Discovery Gossip — Epidemic Broadcast Protocol
What is gossip? (Start here)
Imagine a team of doctors in a hospital. One doctor discovers that a new drug interacts badly with a common anaesthetic. She tells two colleagues. They each tell two more. Within hours, every doctor in the hospital knows — without a memo, without a meeting, without anyone coordinating the broadcast. That's gossip.
Agent gossip works the same way. Cantona discovers the Convex client silently swallows errors on cold starts. He publishes that finding to the gossip bus. Two agents receive it on their next heartbeat. Those agents each push it to two more. Within minutes the whole fleet knows — without any coordinator, notification, or direct messaging.
The key difference from before: we used to run tail -20 discoveries.jsonl at session start and call that gossip. That was shared file read — passive, all-or-nothing, no push. Real gossip is epidemic broadcast: every heartbeat, each agent pushes state to random peers, and peers push to their peers. Information spreads like a rumor, mathematically guaranteed to reach the whole fleet in O(log fanout) rounds.

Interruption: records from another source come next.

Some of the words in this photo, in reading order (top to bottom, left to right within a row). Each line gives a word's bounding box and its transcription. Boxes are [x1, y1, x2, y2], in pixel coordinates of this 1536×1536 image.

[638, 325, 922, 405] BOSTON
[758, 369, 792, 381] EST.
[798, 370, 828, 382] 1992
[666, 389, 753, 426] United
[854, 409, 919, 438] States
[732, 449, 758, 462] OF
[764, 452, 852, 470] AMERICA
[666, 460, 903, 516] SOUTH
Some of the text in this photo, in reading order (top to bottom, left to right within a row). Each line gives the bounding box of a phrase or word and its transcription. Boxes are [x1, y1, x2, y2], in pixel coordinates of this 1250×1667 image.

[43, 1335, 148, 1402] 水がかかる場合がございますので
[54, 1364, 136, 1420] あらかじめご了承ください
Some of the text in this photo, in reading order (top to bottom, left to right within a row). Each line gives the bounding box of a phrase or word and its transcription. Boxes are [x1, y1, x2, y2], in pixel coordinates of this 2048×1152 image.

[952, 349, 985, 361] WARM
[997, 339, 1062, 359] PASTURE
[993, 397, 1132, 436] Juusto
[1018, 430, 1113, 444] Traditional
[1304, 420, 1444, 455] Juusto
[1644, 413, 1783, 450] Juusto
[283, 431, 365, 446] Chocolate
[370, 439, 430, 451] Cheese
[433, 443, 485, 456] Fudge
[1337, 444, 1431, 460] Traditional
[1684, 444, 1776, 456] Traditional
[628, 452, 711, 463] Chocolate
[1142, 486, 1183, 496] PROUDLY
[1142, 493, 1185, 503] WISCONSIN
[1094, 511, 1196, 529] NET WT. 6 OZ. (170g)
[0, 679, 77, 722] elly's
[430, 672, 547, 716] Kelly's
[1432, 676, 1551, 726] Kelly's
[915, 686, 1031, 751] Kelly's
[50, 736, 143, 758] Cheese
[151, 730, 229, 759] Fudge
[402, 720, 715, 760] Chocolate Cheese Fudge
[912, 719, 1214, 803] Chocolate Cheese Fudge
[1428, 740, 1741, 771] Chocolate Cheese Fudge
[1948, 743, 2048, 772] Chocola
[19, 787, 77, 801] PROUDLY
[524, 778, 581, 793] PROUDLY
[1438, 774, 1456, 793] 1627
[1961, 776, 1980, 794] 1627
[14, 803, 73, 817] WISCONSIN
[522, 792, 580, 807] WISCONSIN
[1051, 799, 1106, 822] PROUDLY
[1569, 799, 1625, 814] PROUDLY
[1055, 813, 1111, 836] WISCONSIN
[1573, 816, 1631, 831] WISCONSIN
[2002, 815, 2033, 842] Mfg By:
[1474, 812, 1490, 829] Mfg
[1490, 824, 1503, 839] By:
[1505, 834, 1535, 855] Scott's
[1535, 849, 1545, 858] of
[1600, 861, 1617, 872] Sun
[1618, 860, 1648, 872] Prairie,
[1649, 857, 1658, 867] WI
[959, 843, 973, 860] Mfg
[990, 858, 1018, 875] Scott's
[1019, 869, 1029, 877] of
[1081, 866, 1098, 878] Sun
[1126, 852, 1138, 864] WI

Epidemic broadcast vs the old tail -20
The old tail -20 approach had fundamental problems:
| Property | Old tail -20 | Epidemic broadcast |
|---|---|---|
| Direction | Passive read at session start only | Push on every heartbeat (every 60s) |
| Mid-session propagation | ❌ None — a discovery made at 10am is invisible until 8am tomorrow | ✅ All agents receive it within ~3 minutes |
| State exchange | Full file read (all or nothing) | Digest/delta — only missing entries transferred |
| Version tracking | ❌ None — duplicate entries possible | ✅ Version vectors + Lamport timestamps prevent duplicates |
| TTL / GC | ❌ None — file grows forever | ✅ 72h TTL, 500-entry cap, automatic GC |
| Convergence | Depends on session timing — non-deterministic | O(log_fanout(n)) mathematical rounds — guaranteed |
| Fault tolerance | ❌ None — missed reads are permanent gaps | ✅ Anti-entropy full-sync every 10 rounds closes gaps |
With 7 agents and fan-out 2, a discovery reaches all agents in 3 rounds — ~3 minutes at 60s heartbeat intervals. That's the difference between "I discovered this yesterday and nobody knew" and "the fleet knew before I finished typing the solution."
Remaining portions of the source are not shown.